But it was so late and the shade so deep that he stumbled during the hour the magic light preceded him, but he did not murmur or show any tremor in fear, while he heard not a breath.
All of a sudden, the light went out!
He had passed through the woodland, for on lifting his eyes, he could see a few stars glitter on the darksome sky.
He kept on in the same direction till he saw loom up the somber mass of the ruins of a castle—its spectre. At the same time his foot met its fallen stones.
A clammy thing wound itself round his forehead and sealed his eyes. He could no longer see even the shadows. It was a wet linen cloth. It must have been an expected thing, for he made no resistance to being blindfolded. But he put forth his hand silently as a blinded man naturally does to grope. The gesture was understood, for on the instant a cold, dry, bony hand clutched his fingers. He knew it was a skeleton's, but had it possessed feeling, it must have owned that his own hand no more trembled.
For a hundred yards the seeker was dragged forward rapidly.

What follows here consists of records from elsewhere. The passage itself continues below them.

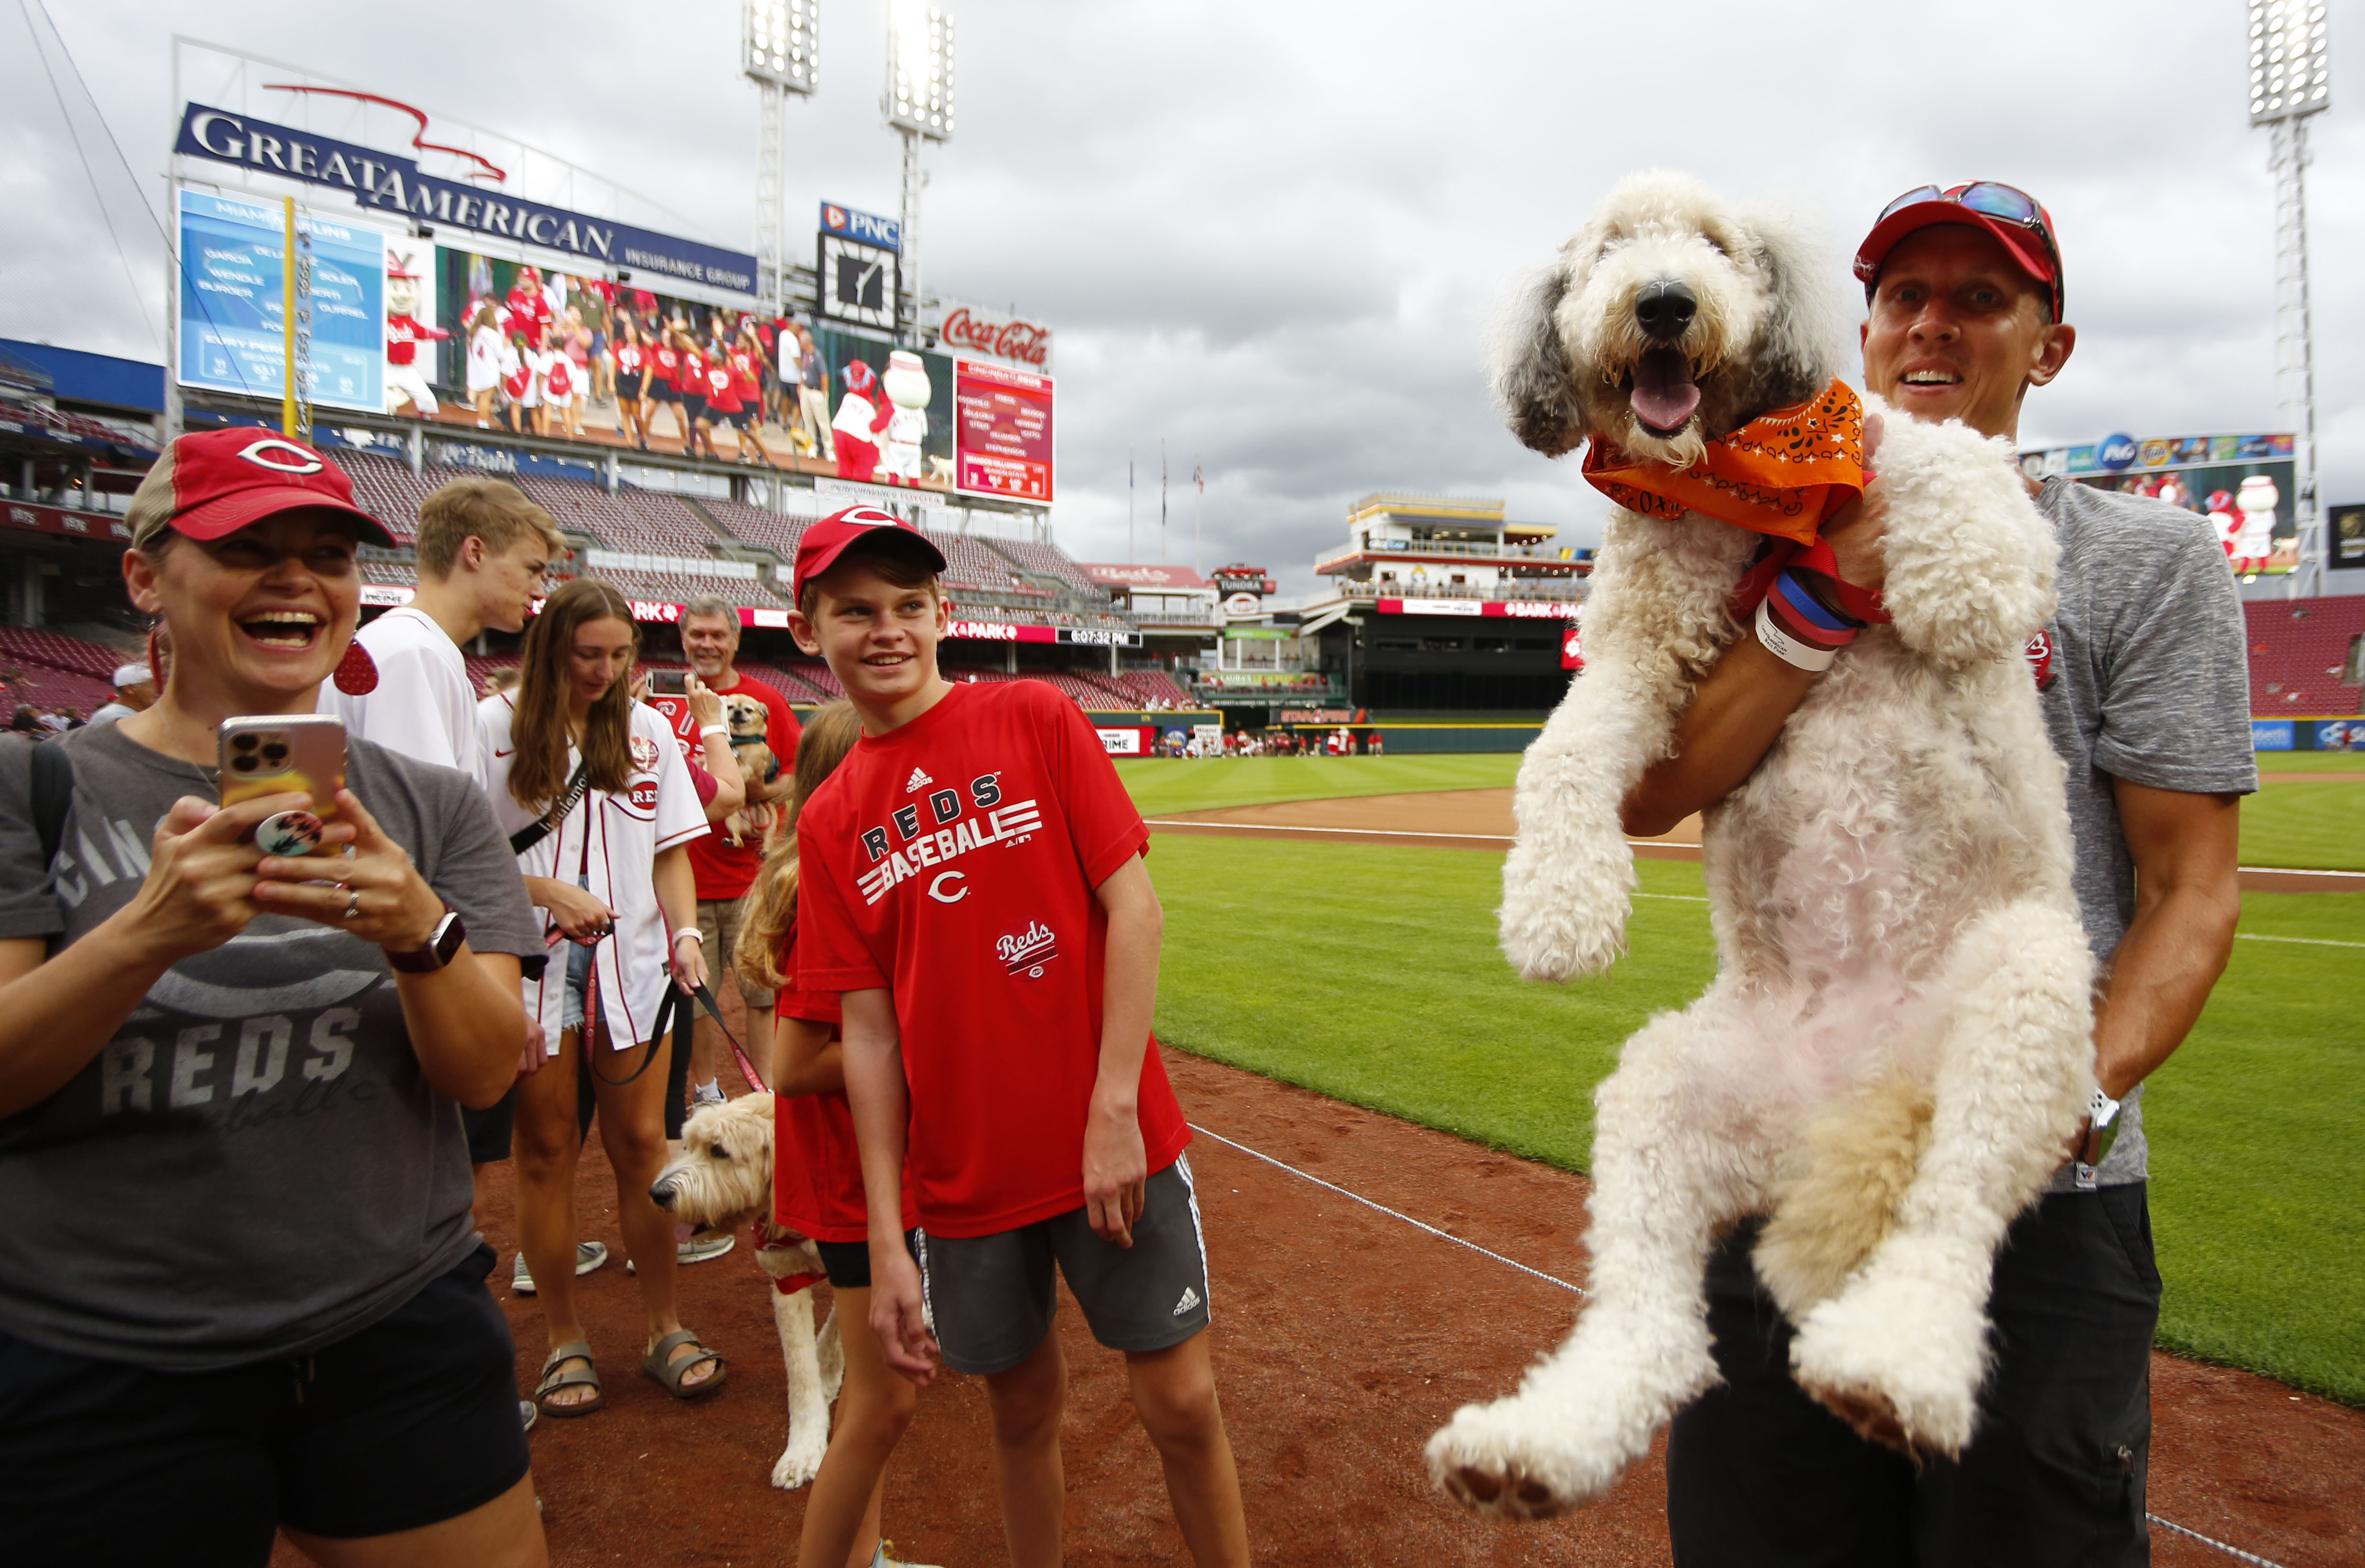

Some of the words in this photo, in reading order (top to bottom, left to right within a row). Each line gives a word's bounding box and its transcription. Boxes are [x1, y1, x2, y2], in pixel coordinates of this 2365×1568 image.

[192, 111, 386, 193] GREAT
[371, 169, 615, 257] AMERICAN
[272, 210, 352, 241] MRLINS
[850, 211, 897, 245] PNC
[204, 247, 253, 266] GARCIA
[208, 268, 264, 286] WENDLE
[318, 269, 358, 286] SOLER
[625, 247, 704, 281] INSURANCE
[706, 266, 750, 291] GROUP
[198, 279, 253, 299] BURGER
[317, 301, 368, 320] GURRIEL
[943, 307, 1051, 365] Coca-Cola
[241, 351, 286, 366] SEASO
[968, 363, 1016, 382] CINCINNATI
[990, 430, 1023, 443] WILLIAMSON
[2102, 443, 2136, 462] P&G
[992, 459, 1026, 472] WILLIAMSON
[830, 484, 896, 499] PERFORMANCE
[899, 492, 941, 504] TOYOTA
[1221, 581, 1260, 590] TUNDRA
[1516, 602, 1553, 618] BARK
[968, 622, 1007, 640] PARK
[1071, 629, 1111, 645] 6:07:32
[1112, 632, 1129, 646] PM
[1104, 739, 1128, 750] RIME
[906, 776, 933, 793] adidas
[631, 789, 657, 804] RE
[861, 774, 1001, 862] REDS
[879, 810, 1015, 891] BASEBALL
[928, 870, 968, 903] C
[996, 920, 1056, 962] Reds
[101, 1006, 363, 1117] REDS
[1173, 1295, 1201, 1316] adidas

All at once the bandage was plucked aloof, and he stopped; he had reached the top of the Thunder Mount.
Before him rose the moldy, mossy steps of the portico of the old Castle of Donnerberg. On the first slab stood the phantom with the osseous hand which had guided him thither. From head to foot a long shroud enwrapped it; through a slit the dead eyes peered without luster. The fleshless hand pointed into the ruins where the goal seemed to be a hall too high up to be viewed, but with the collapsed ceiling flickering with a fickle light.
The traveler nodded in consent. Slowly the ghost mounted the steps one by one, till amid the ruins. The man followed with the same solemn and tranquil pace regulating his walk, and he also entered.